• _WORK INSTRUCTION_
Write out all the entries word for word and omit any pictures.
[Opening ENTRIES SUPPLIED section]
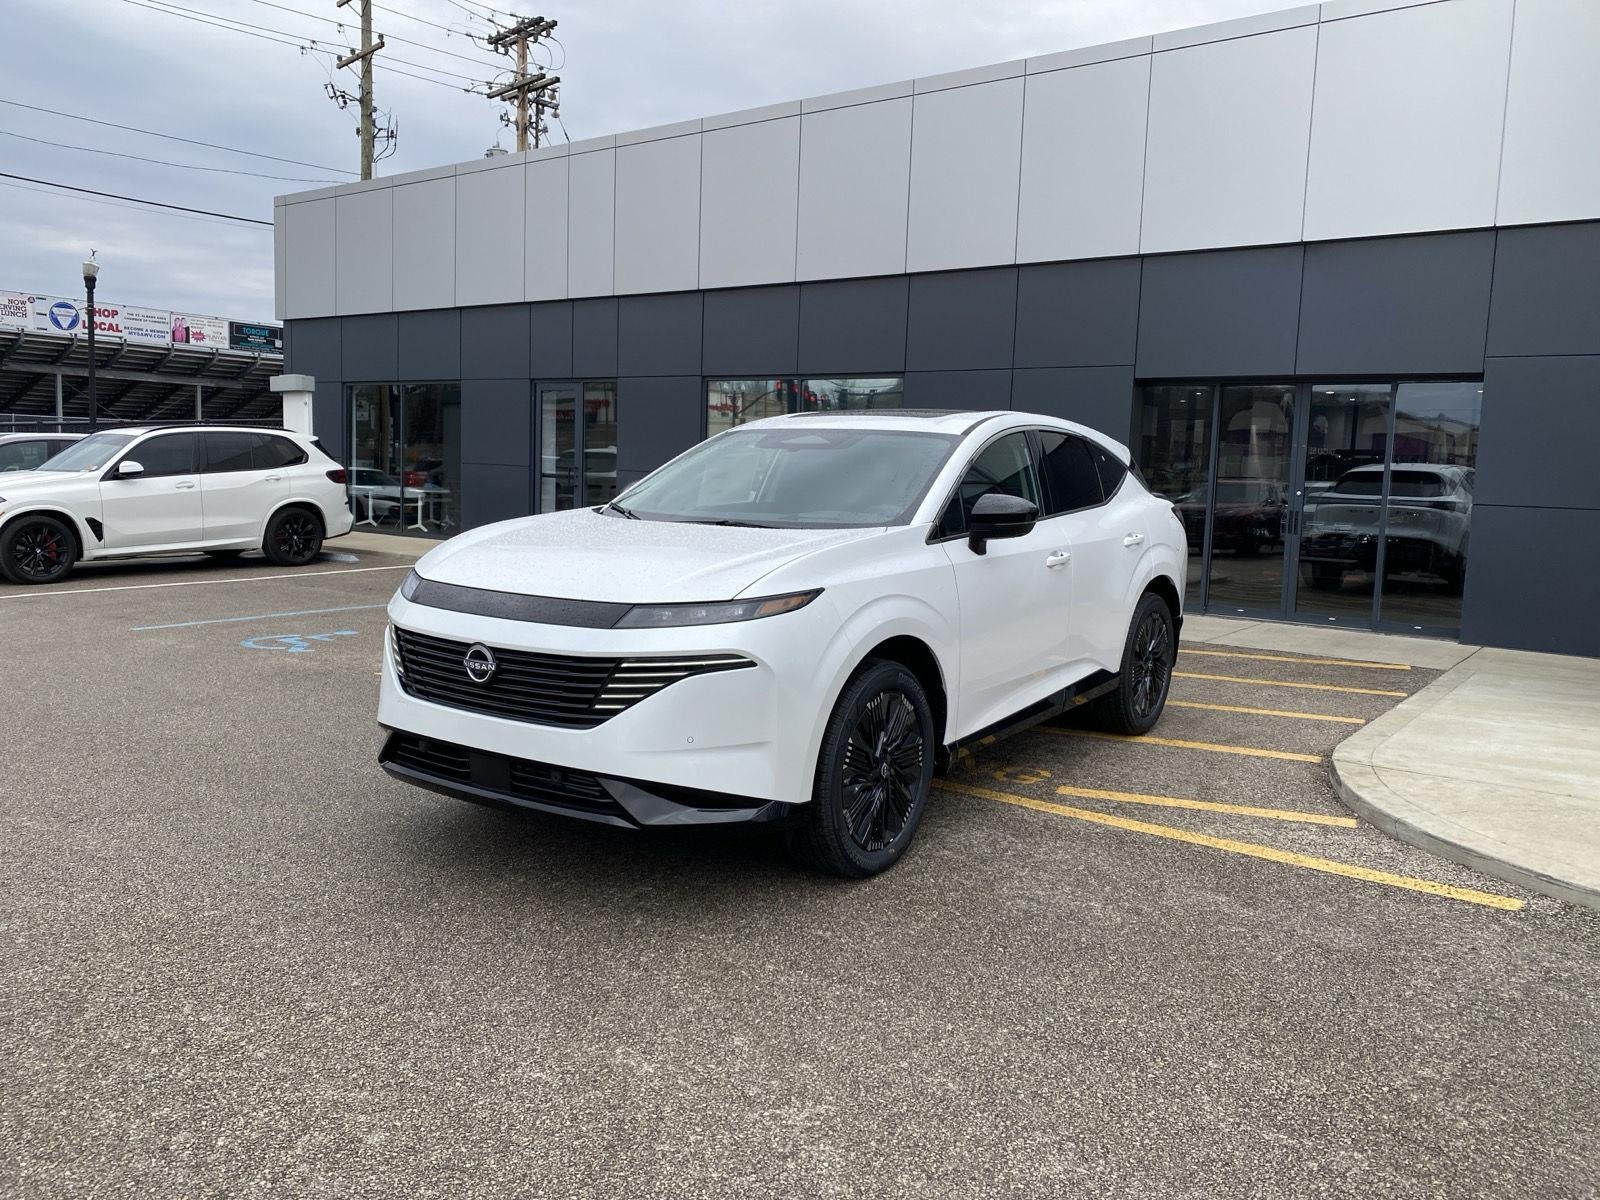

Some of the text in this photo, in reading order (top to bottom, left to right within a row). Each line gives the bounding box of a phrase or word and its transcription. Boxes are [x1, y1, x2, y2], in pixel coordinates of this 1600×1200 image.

[8, 298, 27, 306] NOW
[1, 310, 27, 318] LUNCH
[86, 307, 118, 318] HOP
[242, 327, 269, 336] TORQUE
[464, 660, 495, 670] NISSAN
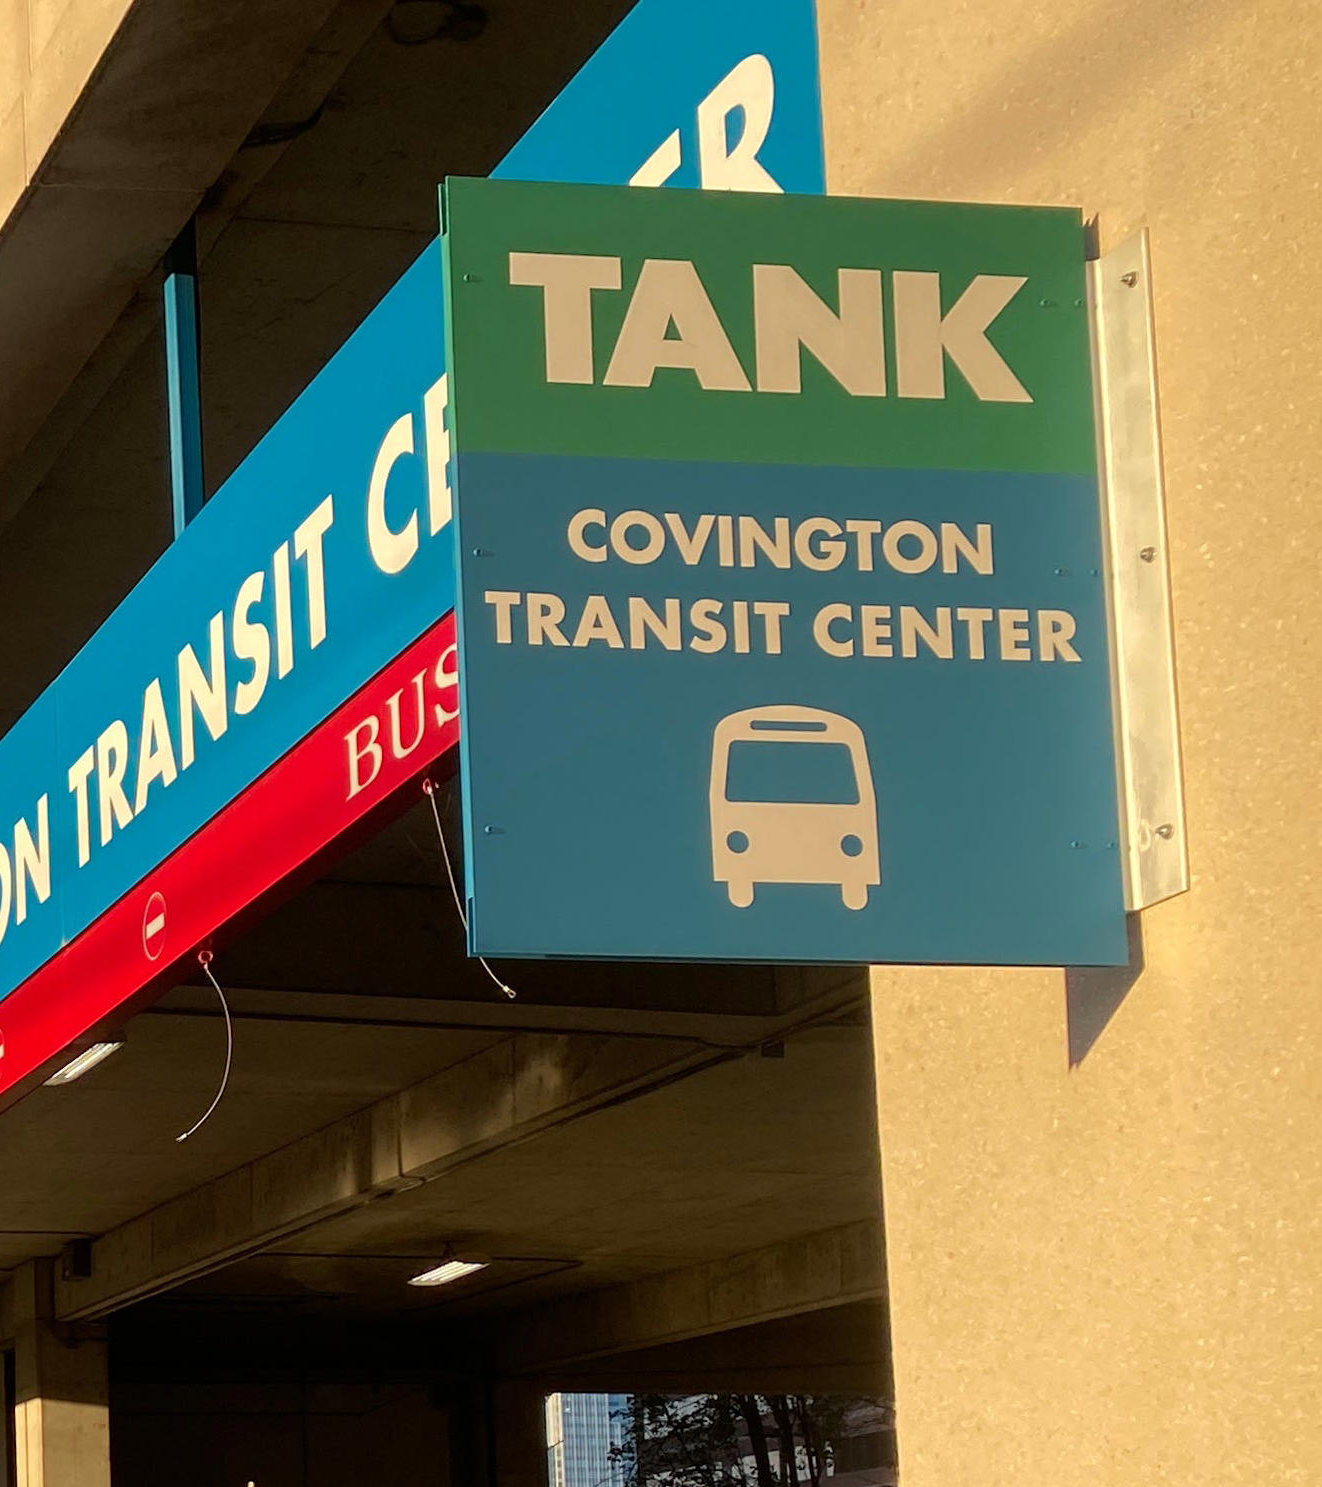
[Closing ENTRIES SUPPLIED section]
• _SOLUTION FOR THIS PROBLEM_
Some of the text in this photo, in reading order (top to bottom, left to right within a row). Each line gives the bounding box of a phrase or word and its transcription. Boxes are [x1, y1, x2, y2], in pixel coordinates of this 1600×1200 image.

[8, 298, 27, 306] NOW
[1, 310, 27, 318] LUNCH
[86, 307, 118, 318] HOP
[242, 327, 269, 336] TORQUE
[464, 660, 495, 670] NISSAN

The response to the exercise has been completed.